How are cryogenic storage tanks maintained and monitored?
Cryogenic storage tanks are usually stored in a secure access room. All tanks are connected to an alarm system that is capable of remotely alerting laboratory staff members in event of a significant temperature variation or LN2level deviation. In the event of an alarm, standard protocol calls for laboratory staff to immediately report to the laboratory at any time to investigate the cause of the alarm. The alarm system is tested monthly and should undergo preventative maintenance at least once a year. Standard protocols for following these regimens is essential to reduce the contribution of human error to catastrophic failure.

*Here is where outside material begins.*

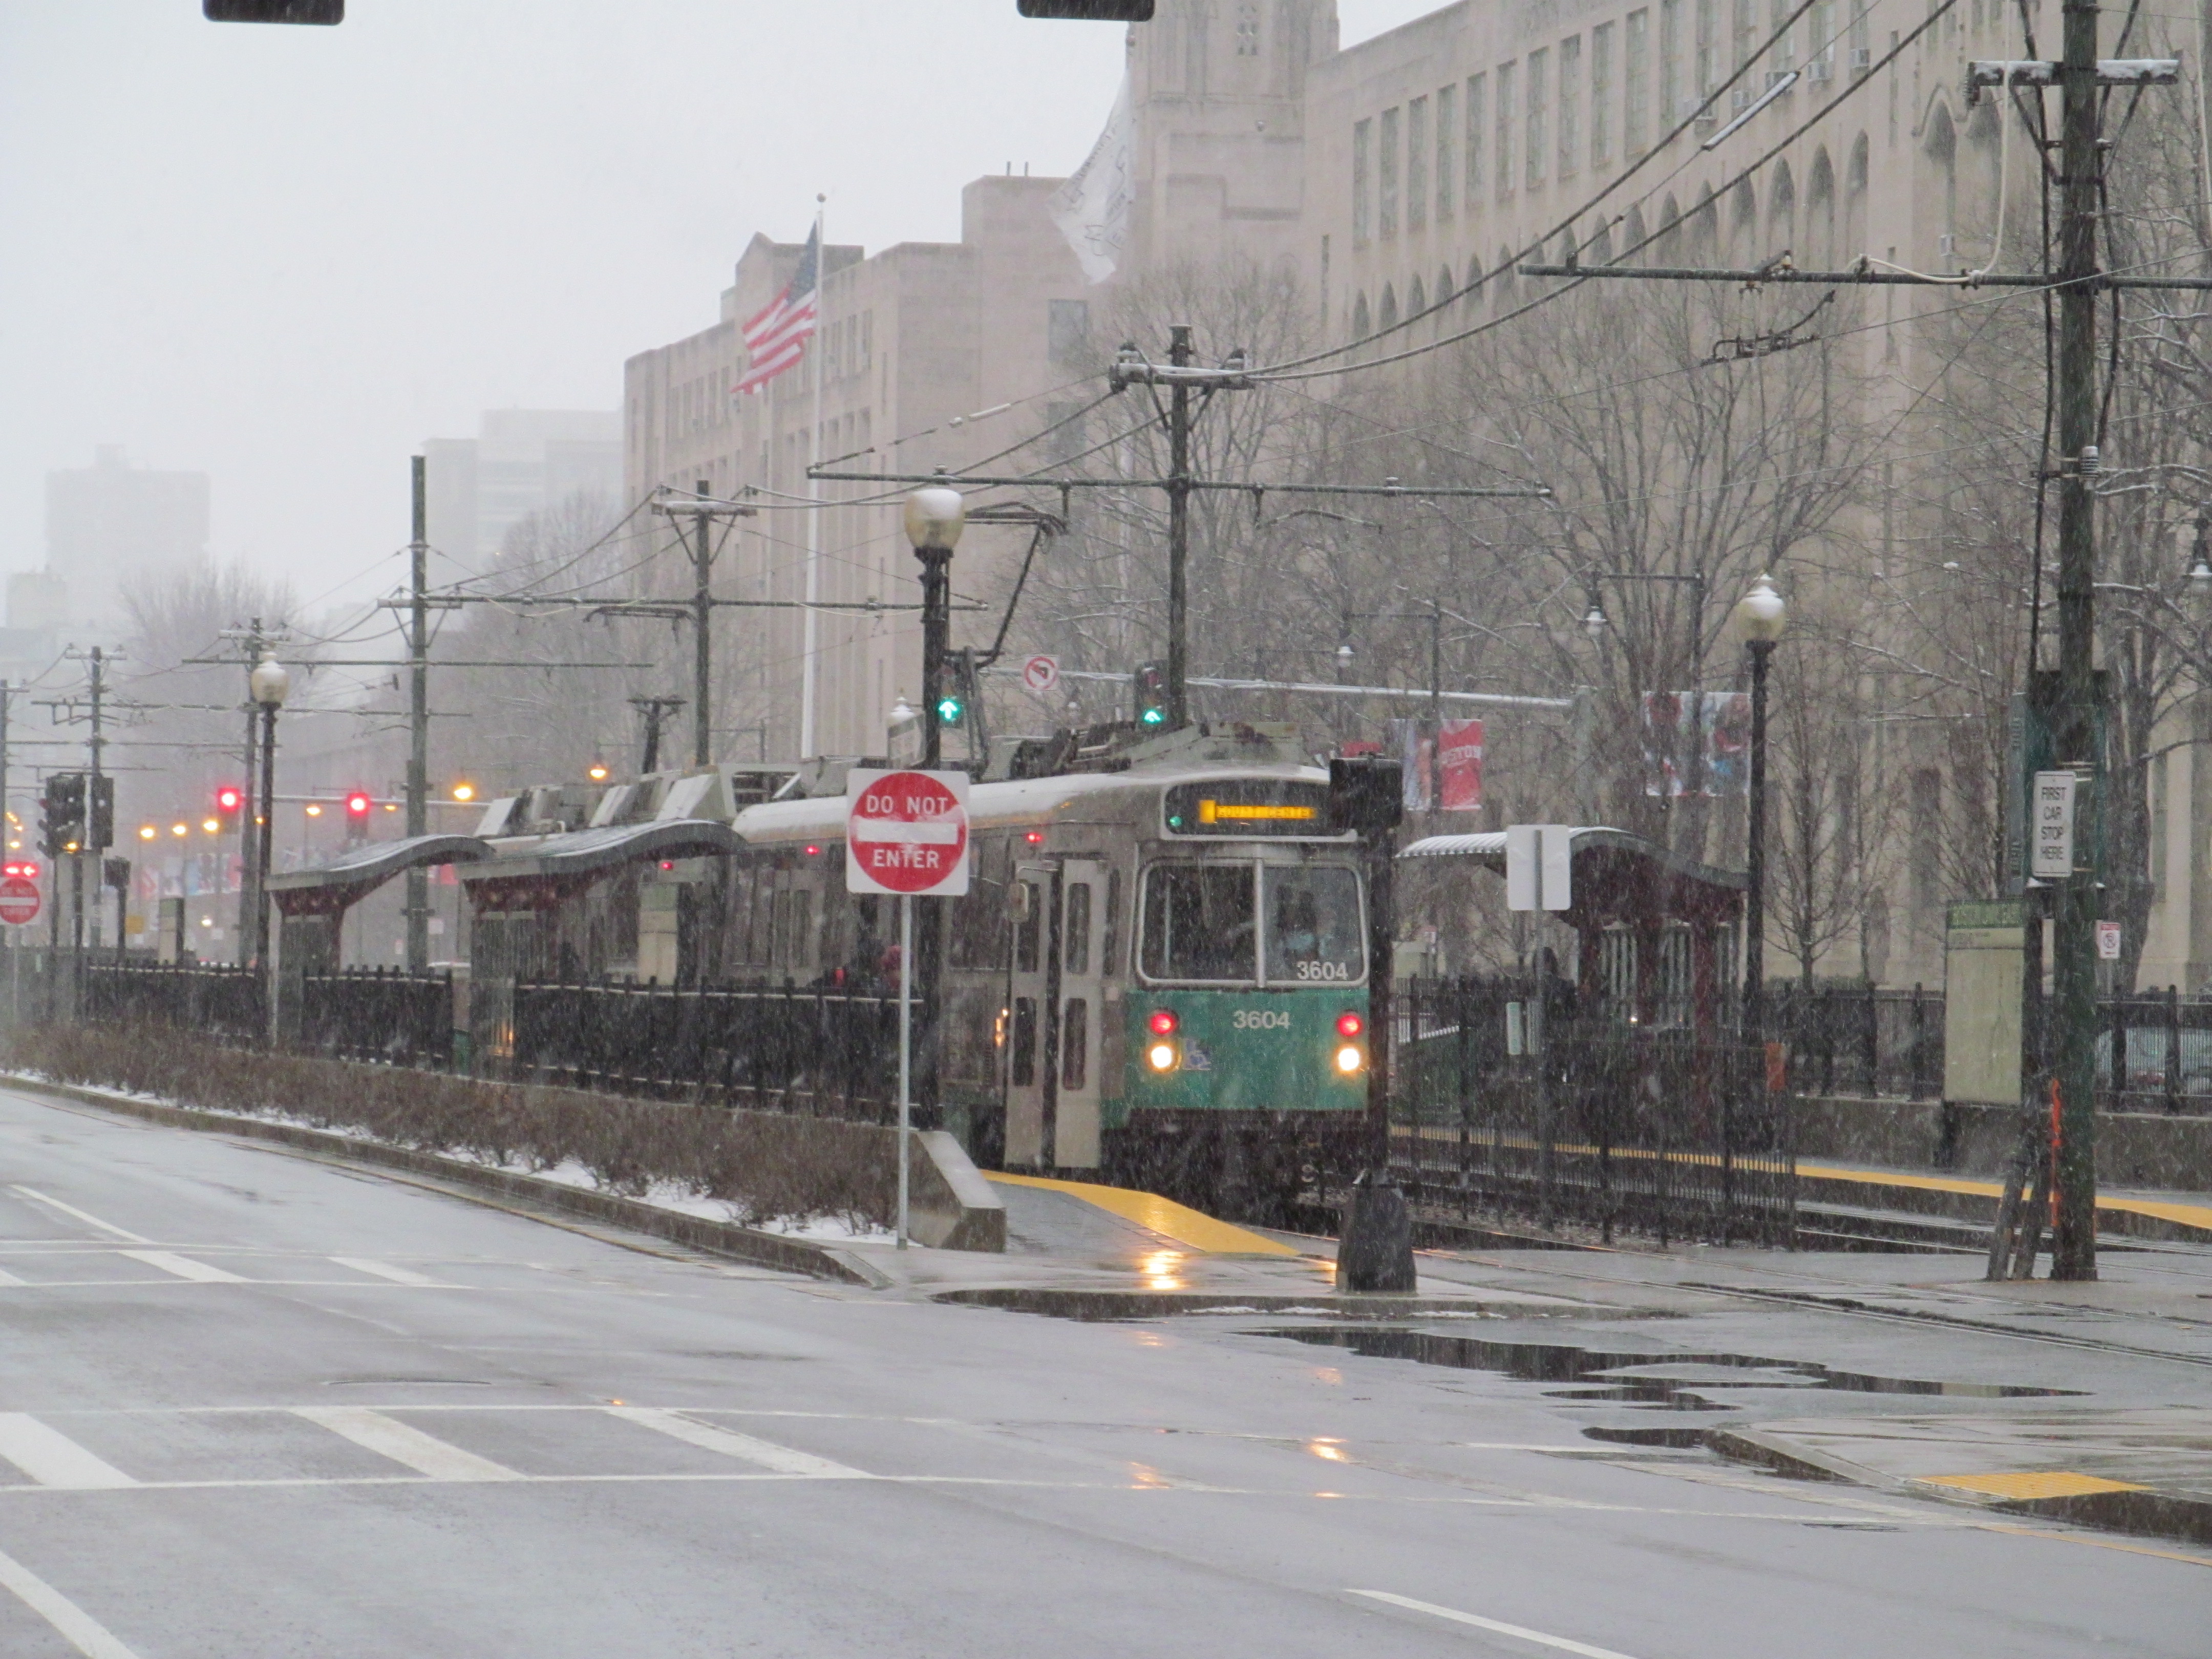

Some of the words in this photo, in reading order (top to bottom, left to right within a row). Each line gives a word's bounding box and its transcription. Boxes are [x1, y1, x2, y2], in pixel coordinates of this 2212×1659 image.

Because redundancy is an essential feature of all critical monitoring system, nitrogen levels are measured in all tanks at least three times per week, if not daily to ensure temperature uniformity. A yardstick-like instrument is used to measure the level of LN2and these data are graphically charted to detect increased consumption of LN2, which may be a signal that a tank is failing. If the cryogenic storage tank does not have an autofill mechanism, it is manually filled with LN2to a pre-determined level.
All cryogenic storage tanks are checked daily for signs of frost or condensation that may indicate impending tank failure. If there are any signs of malfunction, a tank must be replaced. At least one empty back-up tank should be readily available and filled with LN2, in the event of a tank failure emergency.

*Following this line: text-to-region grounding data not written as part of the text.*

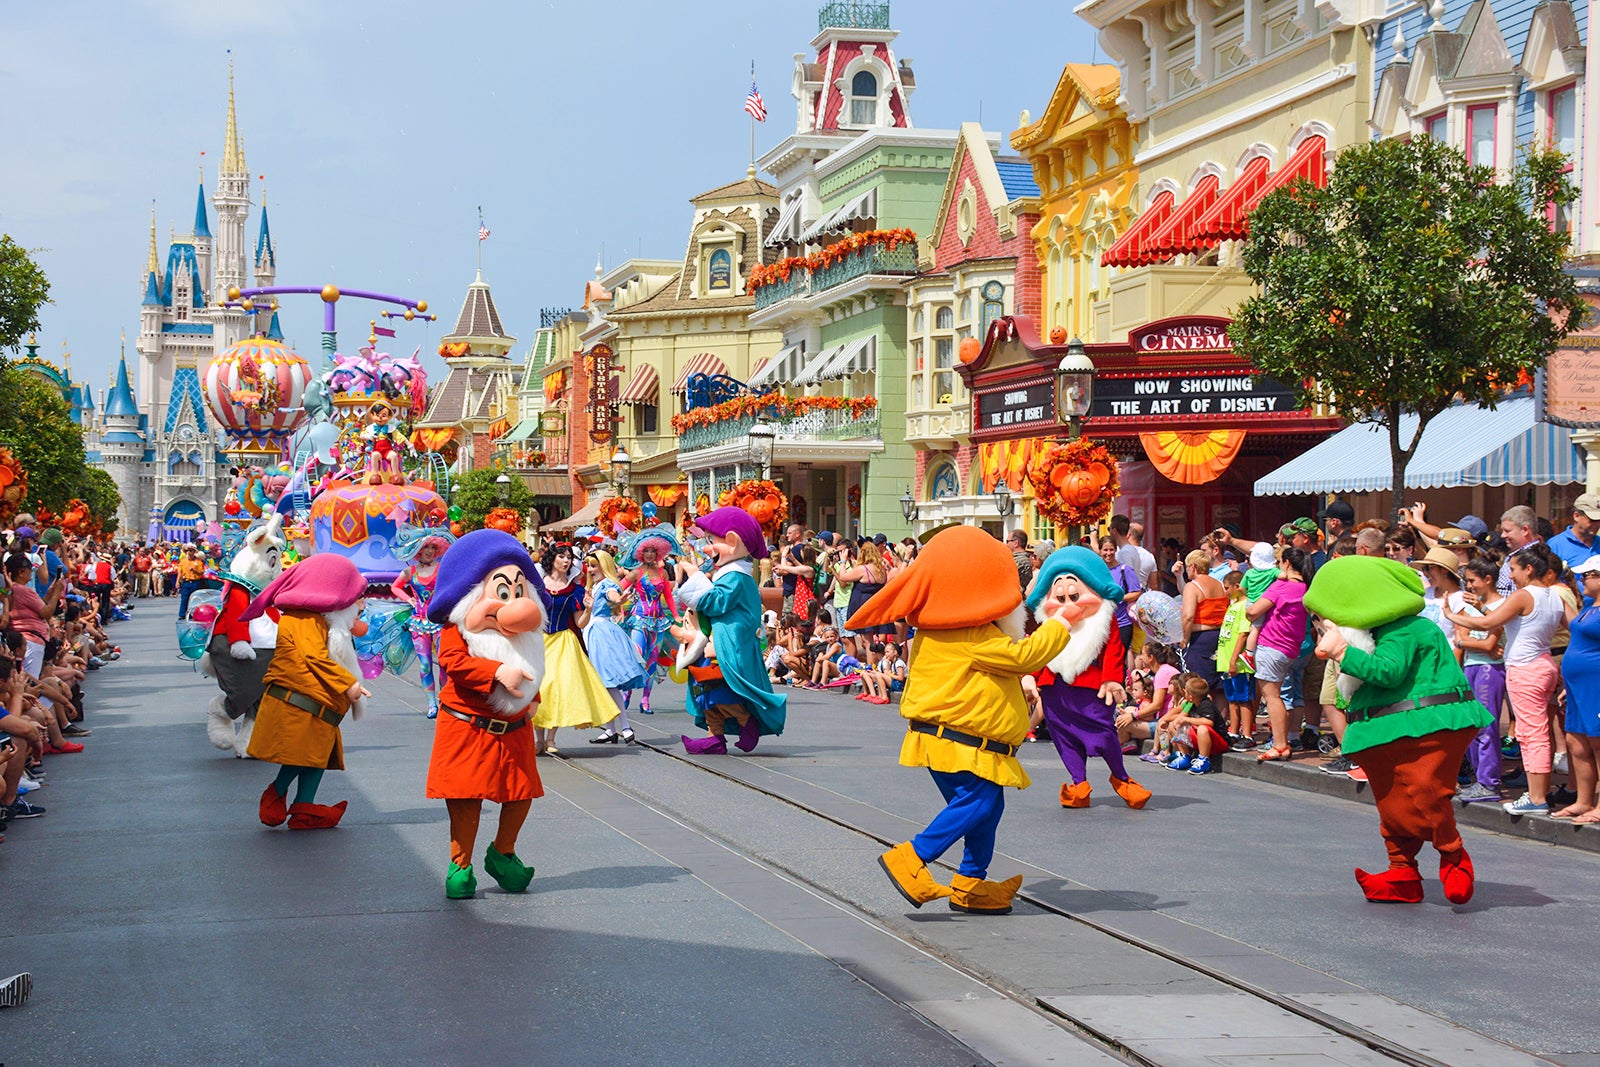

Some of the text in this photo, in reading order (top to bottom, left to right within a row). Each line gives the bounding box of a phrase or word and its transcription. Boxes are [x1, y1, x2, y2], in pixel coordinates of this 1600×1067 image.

[1167, 325, 1201, 337] MAIN
[596, 357, 606, 400] CRYSTAL
[1134, 378, 1253, 394] NOW SHOWING
[1110, 397, 1277, 415] THE ART OF DISNEY
[596, 405, 606, 430] ARTS
[991, 412, 1001, 425] THE
[1003, 411, 1013, 424] ART
[1015, 409, 1023, 422] OF
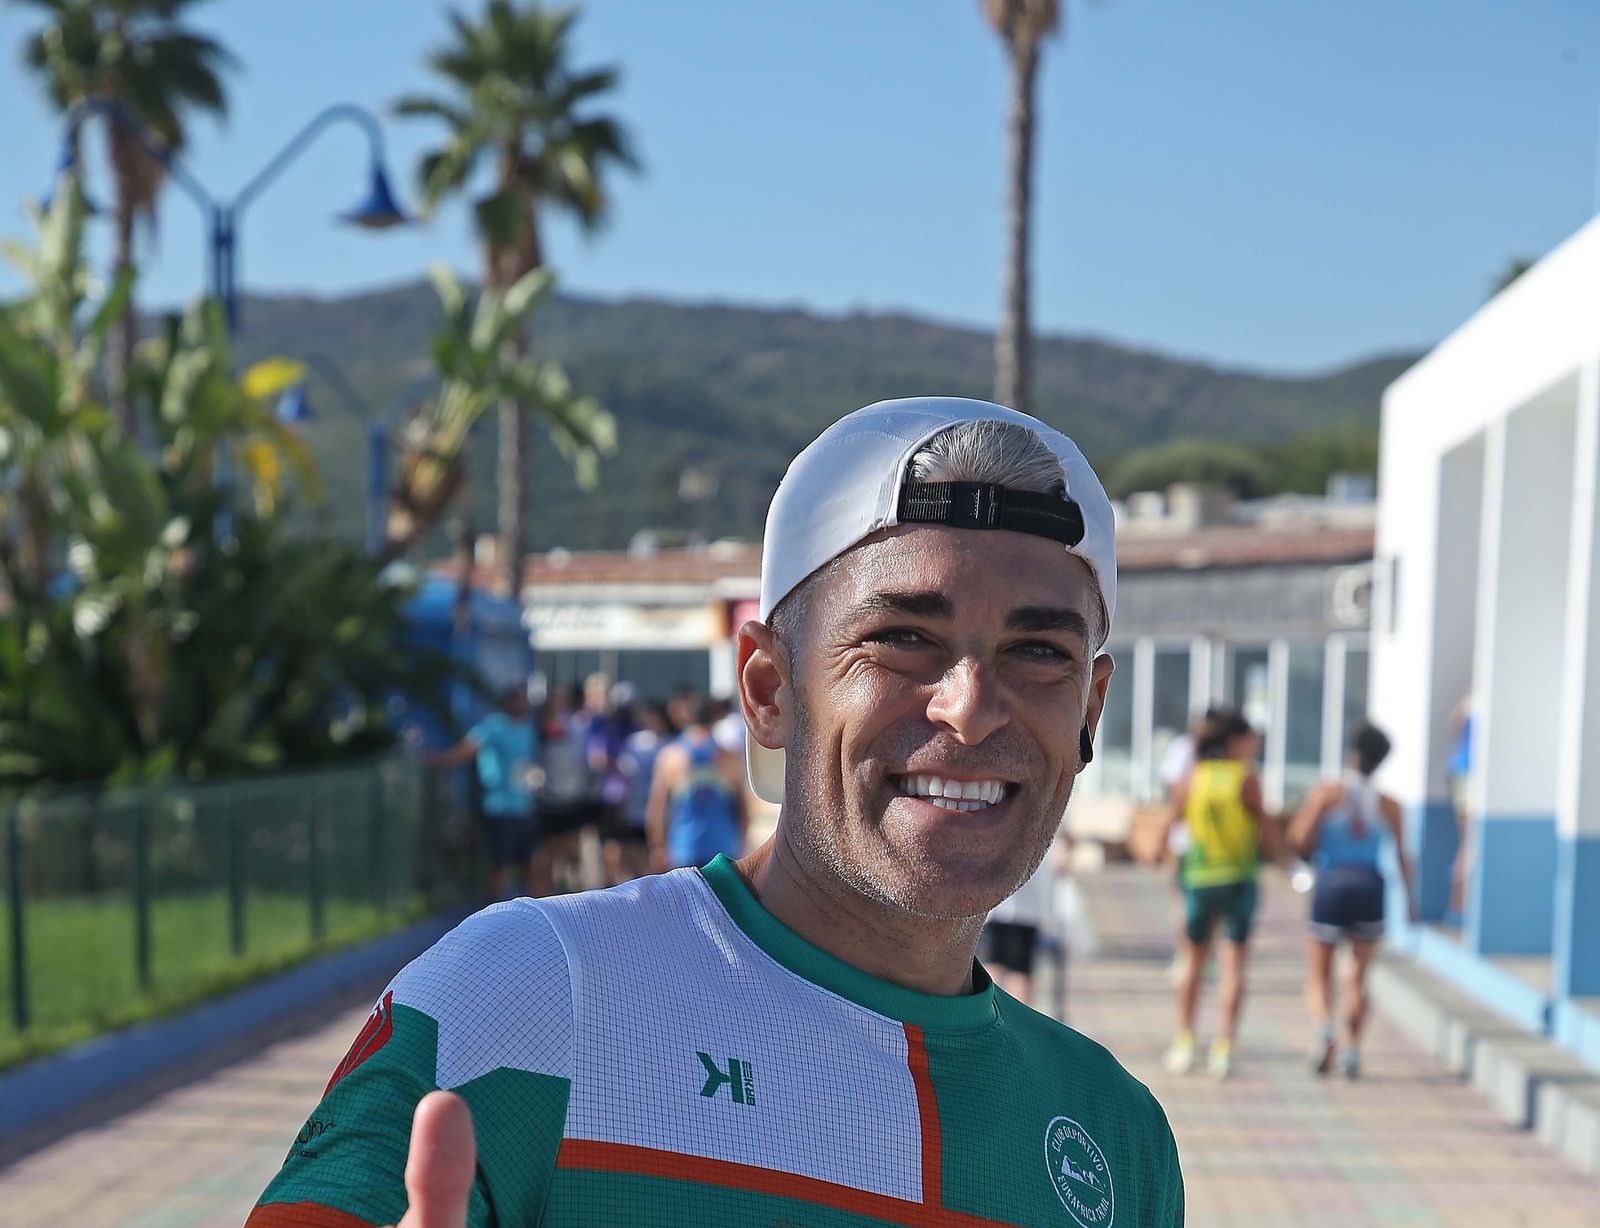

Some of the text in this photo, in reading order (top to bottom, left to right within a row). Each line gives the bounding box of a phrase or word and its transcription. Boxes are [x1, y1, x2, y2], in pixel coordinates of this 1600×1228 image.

When a natural disaster is anticipated or another event that would potentially preclude access to the tanks or delivery of additional LN2, undamaged cryogenic storage tanks should be capable of maintaining appropriate temperatures for at least six weeks to ensure safety of the reproductive tissues.
What is a failure of a cryogenic storage tank?
A catastrophic failure occurs when a cryogenic storage tank’s vacuum is abruptly lost without warning. Unless a backup tank is available and the contained cryopreserved reproductive tissues are immediately transferred, loss of the cryopreserved specimens is imminent. Other tank failures occur when there is slow deterioration of the tank’s vacuum due to mechanical insult, overfill with LN2, inertial stress, and metal or weld fatigue. Signs of frost or condensation are the most common signs of impending cryogenic storage tank failure and increased LN2 consumption. Most manufacturers guarantee the tank’s vacuum for five years and cite a lifespan of ten years.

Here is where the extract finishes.